Les mesures envisagées lors de cet atelier ont été, par exemple : la création d’une Vice-présidence dédiée à la carrière des enseignants-chercheurs et le développement des fonctions de gestion des carrières dans le service RH, les deux usant du suivi de carrière ou de bilans de compétences.

On voit bien ici comment cet atelier se base sur la vision d’une Université-employeur : plutôt que de renforcer les modalités d’autogestion propres à l’Université-communauté, on se propose de renforcer les modalités de gestion externes, propres à la bureaucratie : présidence et services RH.

Cependant, avec de grands pouvoirs viennent de grandes responsabilités, et c’est pourquoi l’Université-employeur devrait se préparer aux défis que la LPPR s’apprête à lui faire relever.

Les défis de la LPPR

Le modèle de carrière actuel français, dit « hiérarchique », est le plus protecteur pour les employés et le plus rigide pour les employeurs (voir ces explications). Les mesures prévues dans la LPPR s’apparentent à l’adoption de dispositifs de gestion de carrière des deux autres grands modèles : « survivants » et « tenure (+adjuncts) », beaucoup moins protecteurs pour l’employés mais plus souples pour l’employeur : augmentation de l’évaluation et des primes à la performance, réduction du nombre de postes permanents, utilisation de contrat de projet permettant des licenciements quasiment sans cause, etc…

Or, les systèmes basés sur ces modèles sont aussi caractérisés par de très hauts taux de RPS (risques psycho-sociaux) (voir  par exemple : Morrish, Liz. « Pressure Vessels: The Epidemic of Poor Mental Health among Higher Education Staff ». HEPI, 13 mai 2019.). Ces RPS seront accrus lors des phases de transition, notamment parce qu’il impose à aux universitaires de s’adapter à un modèle qu’ils n’ont pas choisi au moment de leur recrutement.

Il y a trois façon de se positionner vis-à-vis de cette connaissance :

  • l’ignorer (on fait comme si ça n’existait pas) ;
  • la nier (on la décrédibilise suffisamment pour pouvoir l’ignorer) ;
  • ou la prendre en compte (mais alors comment ?)

Les présidences d’Université-employeur doivent dès aujourd’hui choisir entre ces trois options. Pour celles qui feront le choix de se préparer, on peut déjà identifier plusieurs défis qui vont devoir être relevés.

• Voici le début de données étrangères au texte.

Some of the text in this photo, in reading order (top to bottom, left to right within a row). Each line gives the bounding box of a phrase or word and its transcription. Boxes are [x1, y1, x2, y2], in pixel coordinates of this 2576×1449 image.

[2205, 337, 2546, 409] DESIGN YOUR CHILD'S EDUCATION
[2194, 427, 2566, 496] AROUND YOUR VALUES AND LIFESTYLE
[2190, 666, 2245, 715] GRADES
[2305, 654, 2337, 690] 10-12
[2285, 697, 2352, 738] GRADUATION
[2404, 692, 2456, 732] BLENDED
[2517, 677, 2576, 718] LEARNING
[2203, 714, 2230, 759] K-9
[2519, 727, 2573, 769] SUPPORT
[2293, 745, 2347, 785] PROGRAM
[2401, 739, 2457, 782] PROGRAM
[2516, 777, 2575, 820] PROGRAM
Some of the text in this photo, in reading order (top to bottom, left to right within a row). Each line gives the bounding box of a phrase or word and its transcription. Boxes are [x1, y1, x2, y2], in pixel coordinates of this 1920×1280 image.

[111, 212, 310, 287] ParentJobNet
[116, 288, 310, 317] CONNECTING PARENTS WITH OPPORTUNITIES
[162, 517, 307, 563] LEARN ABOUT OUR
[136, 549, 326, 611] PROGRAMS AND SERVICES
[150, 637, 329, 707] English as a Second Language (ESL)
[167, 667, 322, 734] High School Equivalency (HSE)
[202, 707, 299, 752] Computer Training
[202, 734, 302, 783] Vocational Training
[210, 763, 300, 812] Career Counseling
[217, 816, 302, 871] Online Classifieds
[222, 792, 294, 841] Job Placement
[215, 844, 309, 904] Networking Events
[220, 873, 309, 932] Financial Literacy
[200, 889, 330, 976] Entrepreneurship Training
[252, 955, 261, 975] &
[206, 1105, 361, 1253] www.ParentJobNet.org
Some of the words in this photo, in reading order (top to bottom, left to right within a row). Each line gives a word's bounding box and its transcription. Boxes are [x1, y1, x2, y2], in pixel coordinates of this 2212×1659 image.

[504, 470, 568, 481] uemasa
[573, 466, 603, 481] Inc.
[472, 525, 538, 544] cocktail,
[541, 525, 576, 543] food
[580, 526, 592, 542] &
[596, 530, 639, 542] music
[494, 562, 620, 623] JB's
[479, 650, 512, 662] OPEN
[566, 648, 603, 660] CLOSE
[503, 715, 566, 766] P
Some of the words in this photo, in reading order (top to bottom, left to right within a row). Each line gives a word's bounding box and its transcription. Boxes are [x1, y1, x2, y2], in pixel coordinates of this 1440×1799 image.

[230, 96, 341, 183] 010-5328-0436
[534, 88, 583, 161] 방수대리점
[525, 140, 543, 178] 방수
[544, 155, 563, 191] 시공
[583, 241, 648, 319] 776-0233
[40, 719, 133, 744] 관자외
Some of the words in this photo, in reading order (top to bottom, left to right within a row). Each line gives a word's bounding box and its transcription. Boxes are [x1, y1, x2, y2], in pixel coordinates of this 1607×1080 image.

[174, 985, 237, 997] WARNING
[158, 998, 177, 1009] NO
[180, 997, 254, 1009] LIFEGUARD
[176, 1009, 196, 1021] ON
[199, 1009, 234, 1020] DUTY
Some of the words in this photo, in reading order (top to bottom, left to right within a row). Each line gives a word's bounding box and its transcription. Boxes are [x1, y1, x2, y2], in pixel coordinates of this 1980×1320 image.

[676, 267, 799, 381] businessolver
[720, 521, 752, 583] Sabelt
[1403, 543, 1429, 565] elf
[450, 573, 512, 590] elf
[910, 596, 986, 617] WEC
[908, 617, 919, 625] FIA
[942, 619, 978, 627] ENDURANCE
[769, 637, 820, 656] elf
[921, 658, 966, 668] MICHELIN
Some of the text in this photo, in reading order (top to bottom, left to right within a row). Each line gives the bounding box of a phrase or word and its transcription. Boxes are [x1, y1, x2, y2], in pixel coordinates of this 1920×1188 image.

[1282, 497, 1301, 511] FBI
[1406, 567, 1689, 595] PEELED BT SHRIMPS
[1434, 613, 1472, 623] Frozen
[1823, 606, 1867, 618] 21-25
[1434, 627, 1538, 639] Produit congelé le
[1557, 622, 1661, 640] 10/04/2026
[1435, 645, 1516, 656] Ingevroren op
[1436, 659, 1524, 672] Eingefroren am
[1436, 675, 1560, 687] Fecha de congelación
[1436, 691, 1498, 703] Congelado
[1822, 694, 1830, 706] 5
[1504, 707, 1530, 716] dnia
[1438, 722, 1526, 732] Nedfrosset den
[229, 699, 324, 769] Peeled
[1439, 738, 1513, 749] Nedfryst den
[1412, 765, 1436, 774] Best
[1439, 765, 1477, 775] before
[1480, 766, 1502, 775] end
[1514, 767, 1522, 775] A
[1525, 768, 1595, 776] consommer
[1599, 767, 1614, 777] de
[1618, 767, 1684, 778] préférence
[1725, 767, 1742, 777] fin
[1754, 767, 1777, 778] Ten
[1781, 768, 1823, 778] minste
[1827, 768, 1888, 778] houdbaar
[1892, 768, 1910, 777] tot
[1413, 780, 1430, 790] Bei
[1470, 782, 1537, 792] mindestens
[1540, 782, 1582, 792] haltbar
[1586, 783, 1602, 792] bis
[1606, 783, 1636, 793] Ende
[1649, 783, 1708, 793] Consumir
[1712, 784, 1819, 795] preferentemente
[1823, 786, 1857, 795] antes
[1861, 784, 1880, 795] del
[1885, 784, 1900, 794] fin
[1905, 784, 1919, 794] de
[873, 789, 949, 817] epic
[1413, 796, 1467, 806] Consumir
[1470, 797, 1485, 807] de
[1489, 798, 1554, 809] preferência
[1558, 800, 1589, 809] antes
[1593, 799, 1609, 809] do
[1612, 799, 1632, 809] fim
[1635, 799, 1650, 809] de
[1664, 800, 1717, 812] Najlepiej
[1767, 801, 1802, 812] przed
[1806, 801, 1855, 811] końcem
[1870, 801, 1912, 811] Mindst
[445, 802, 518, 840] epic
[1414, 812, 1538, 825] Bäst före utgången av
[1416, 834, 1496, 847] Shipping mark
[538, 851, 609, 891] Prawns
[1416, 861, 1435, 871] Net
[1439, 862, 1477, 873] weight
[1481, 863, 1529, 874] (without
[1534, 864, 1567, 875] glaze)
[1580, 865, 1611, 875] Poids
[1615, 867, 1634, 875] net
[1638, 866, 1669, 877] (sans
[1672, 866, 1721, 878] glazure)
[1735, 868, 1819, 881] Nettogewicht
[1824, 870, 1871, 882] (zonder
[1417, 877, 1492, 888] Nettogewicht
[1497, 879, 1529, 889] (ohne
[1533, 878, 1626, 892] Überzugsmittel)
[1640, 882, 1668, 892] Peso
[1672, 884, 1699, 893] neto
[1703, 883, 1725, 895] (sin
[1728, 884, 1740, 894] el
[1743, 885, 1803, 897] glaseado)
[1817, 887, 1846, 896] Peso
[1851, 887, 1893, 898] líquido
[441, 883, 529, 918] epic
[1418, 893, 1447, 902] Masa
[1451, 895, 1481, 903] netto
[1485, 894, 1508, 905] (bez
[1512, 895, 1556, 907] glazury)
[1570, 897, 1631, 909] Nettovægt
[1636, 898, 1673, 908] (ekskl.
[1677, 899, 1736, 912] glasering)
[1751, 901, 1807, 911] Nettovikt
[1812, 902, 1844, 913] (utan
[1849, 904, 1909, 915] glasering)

Revalorisation différentiée

La revalorisation est envisagée essentiellement en début de carrière, donc pour les nouveaux enseignants-chercheurs, alors que tous les autres ont leur point d’indice gelé depuis 10 ans. L’accroissement du poids de l’évaluation permettra même à des nouveaux de « doubler » des anciens grâce à de meilleures conditions de travail.
Deux types de carrières caractérisées par des valorisation différentes vont donc cohabiter, avec un ressenti légitime des personnels les moins bien traités. 

Développement de pratiques proches du harcèlement

L’accroissement du poids de l’évaluation sur les carrières implique aussi une transition vers un système plus hiérarchique, et donc de passer par une phase où les cadres universitaires découvrent leurs nouveaux pouvoirs sur les autres enseignants-chercheurs et apprennent à s’en servir.
Ces phases de transition se caractérisent par un développement de pratiques proches du harcèlement, souvent méconnues et incontrôlées par leurs auteurs eux-mêmes.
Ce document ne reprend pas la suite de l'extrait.